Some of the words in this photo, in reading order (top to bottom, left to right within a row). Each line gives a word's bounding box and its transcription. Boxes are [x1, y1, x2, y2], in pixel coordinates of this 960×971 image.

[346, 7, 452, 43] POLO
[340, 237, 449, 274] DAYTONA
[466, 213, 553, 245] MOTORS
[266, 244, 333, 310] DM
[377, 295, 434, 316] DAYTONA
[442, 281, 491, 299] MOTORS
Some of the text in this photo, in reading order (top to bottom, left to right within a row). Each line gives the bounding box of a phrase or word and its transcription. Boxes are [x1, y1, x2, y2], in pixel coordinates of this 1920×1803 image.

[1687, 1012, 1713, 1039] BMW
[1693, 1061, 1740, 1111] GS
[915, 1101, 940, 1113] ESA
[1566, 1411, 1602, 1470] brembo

About this exercise:
Reproduce the material in full. Keep it identical to the original.

Answer for this exercise:
Some of the words in this photo, in reading order (top to bottom, left to right within a row). Each line gives a word's bounding box and its transcription. Boxes are [x1, y1, x2, y2], in pixel coordinates of this 960×971 image.

[346, 7, 452, 43] POLO
[340, 237, 449, 274] DAYTONA
[466, 213, 553, 245] MOTORS
[266, 244, 333, 310] DM
[377, 295, 434, 316] DAYTONA
[442, 281, 491, 299] MOTORS
Some of the text in this photo, in reading order (top to bottom, left to right within a row). Each line gives the bounding box of a phrase or word and its transcription. Boxes are [x1, y1, x2, y2], in pixel coordinates of this 1920×1803 image.

[1687, 1012, 1713, 1039] BMW
[1693, 1061, 1740, 1111] GS
[915, 1101, 940, 1113] ESA
[1566, 1411, 1602, 1470] brembo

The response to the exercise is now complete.